*** Data for review ***

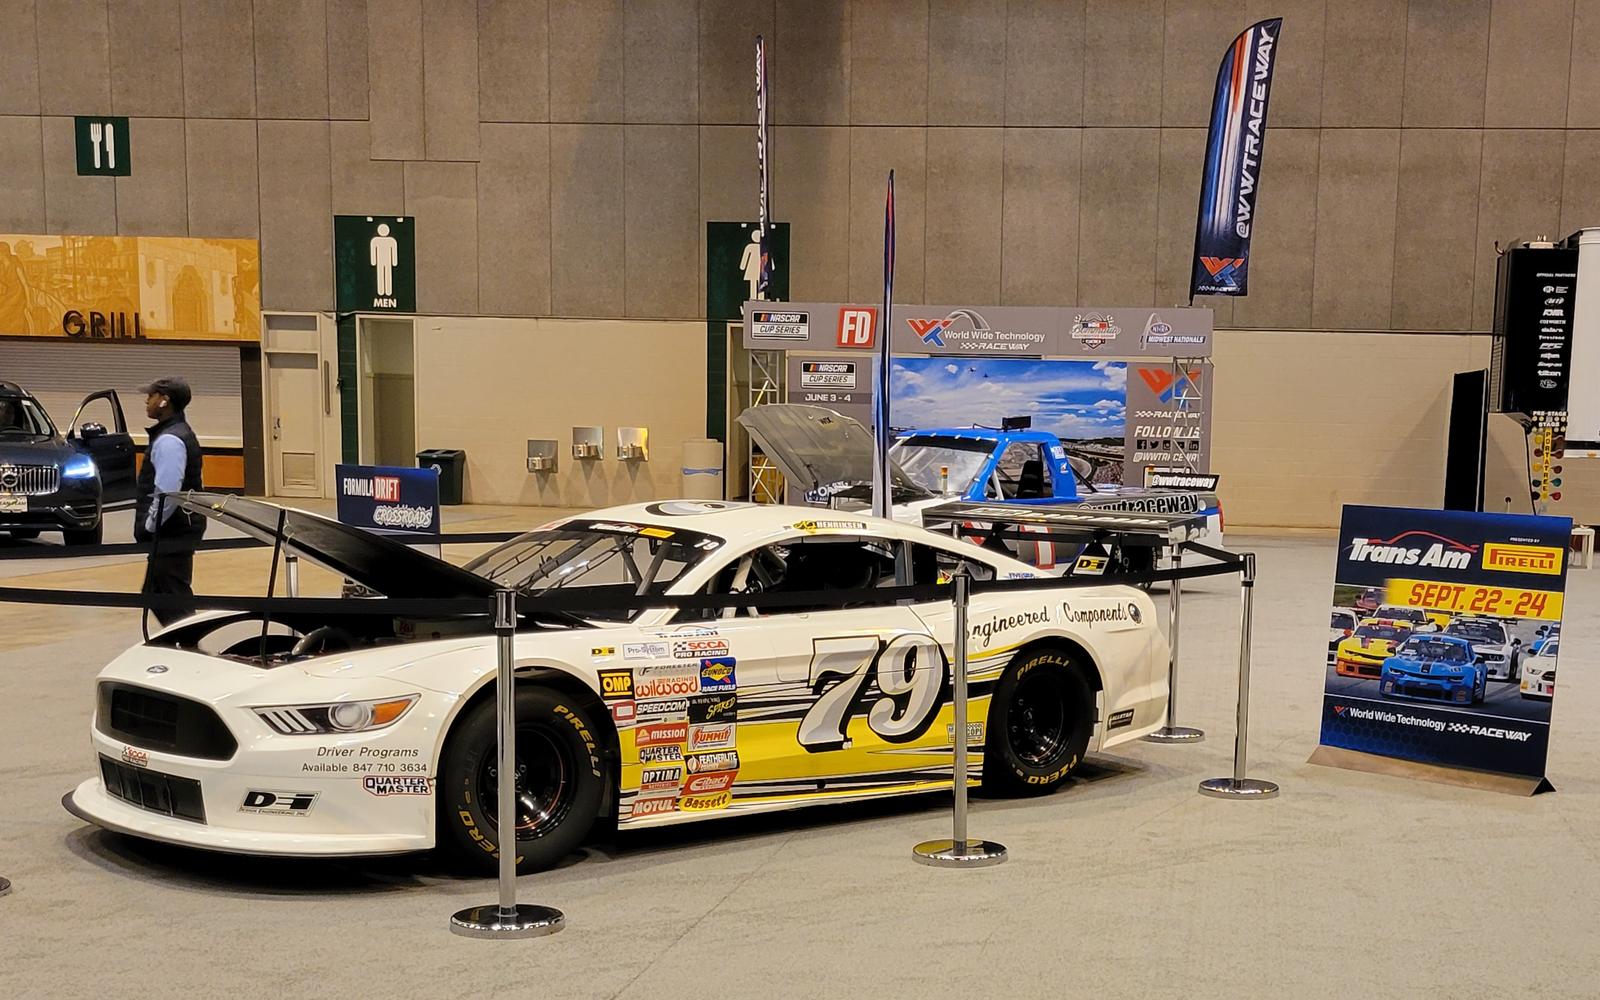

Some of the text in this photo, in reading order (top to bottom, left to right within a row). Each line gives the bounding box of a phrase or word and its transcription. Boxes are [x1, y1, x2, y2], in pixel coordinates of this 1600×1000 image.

[1236, 26, 1274, 239] @WWTRACEWAY
[373, 298, 397, 308] MEN
[63, 310, 146, 340] GRILL
[769, 315, 801, 323] NASCAR
[760, 326, 801, 334] CUP SERIES
[841, 311, 871, 344] FD
[944, 330, 1045, 342] World Wide Technology
[978, 342, 1030, 350] RACEWAY
[818, 364, 848, 372] NASCAR
[809, 375, 848, 383] CUP SERIES
[805, 393, 829, 402] JUNE
[844, 394, 851, 402] 4
[1543, 431, 1551, 492] PORTATREE
[343, 477, 399, 500] FORMULA DRIFT
[1152, 474, 1215, 489] @wwtraceway
[373, 504, 433, 528] CROSSROADS
[694, 539, 720, 551] 79
[1349, 537, 1472, 570] Trans Am
[1489, 548, 1555, 570] PIRELLI
[1408, 583, 1466, 610] SEPT.
[1469, 588, 1503, 613] 22
[1513, 592, 1549, 617] 24
[1063, 602, 1128, 628] Components
[688, 641, 727, 650] SCCA
[675, 649, 727, 658] PRO RACING
[702, 667, 732, 677] SUNOCO
[1016, 654, 1070, 681] PIRELLI
[602, 677, 632, 692] OMP
[635, 676, 698, 698] wilwood
[718, 684, 737, 692] FUELS
[797, 632, 950, 754] 79
[637, 701, 685, 714] SPEEDCOM
[1350, 706, 1532, 742] World Wide Technology RACEWAY
[553, 704, 601, 778] PIRELLI
[317, 746, 419, 759] Driver Programs
[640, 746, 680, 759] QUARTER
[646, 753, 684, 762] MASTER
[302, 763, 427, 772] Available 847 710 3634
[366, 777, 425, 788] QUARTER
[643, 768, 680, 783] OPTIMA
[376, 785, 429, 795] MASTER
[633, 799, 674, 814] MOTUL
[684, 794, 727, 810] Bassett

*** End of Data for review ***

■ What this task involves
What is needed is an exact reprint of every entry, pictures excluded.

■ Reply to the task
Some of the text in this photo, in reading order (top to bottom, left to right within a row). Each line gives the bounding box of a phrase or word and its transcription. Boxes are [x1, y1, x2, y2], in pixel coordinates of this 1600×1000 image.

[1236, 26, 1274, 239] @WWTRACEWAY
[373, 298, 397, 308] MEN
[63, 310, 146, 340] GRILL
[769, 315, 801, 323] NASCAR
[760, 326, 801, 334] CUP SERIES
[841, 311, 871, 344] FD
[944, 330, 1045, 342] World Wide Technology
[978, 342, 1030, 350] RACEWAY
[818, 364, 848, 372] NASCAR
[809, 375, 848, 383] CUP SERIES
[805, 393, 829, 402] JUNE
[844, 394, 851, 402] 4
[1543, 431, 1551, 492] PORTATREE
[343, 477, 399, 500] FORMULA DRIFT
[1152, 474, 1215, 489] @wwtraceway
[373, 504, 433, 528] CROSSROADS
[694, 539, 720, 551] 79
[1349, 537, 1472, 570] Trans Am
[1489, 548, 1555, 570] PIRELLI
[1408, 583, 1466, 610] SEPT.
[1469, 588, 1503, 613] 22
[1513, 592, 1549, 617] 24
[1063, 602, 1128, 628] Components
[688, 641, 727, 650] SCCA
[675, 649, 727, 658] PRO RACING
[702, 667, 732, 677] SUNOCO
[1016, 654, 1070, 681] PIRELLI
[602, 677, 632, 692] OMP
[635, 676, 698, 698] wilwood
[718, 684, 737, 692] FUELS
[797, 632, 950, 754] 79
[637, 701, 685, 714] SPEEDCOM
[1350, 706, 1532, 742] World Wide Technology RACEWAY
[553, 704, 601, 778] PIRELLI
[317, 746, 419, 759] Driver Programs
[640, 746, 680, 759] QUARTER
[646, 753, 684, 762] MASTER
[302, 763, 427, 772] Available 847 710 3634
[366, 777, 425, 788] QUARTER
[643, 768, 680, 783] OPTIMA
[376, 785, 429, 795] MASTER
[633, 799, 674, 814] MOTUL
[684, 794, 727, 810] Bassett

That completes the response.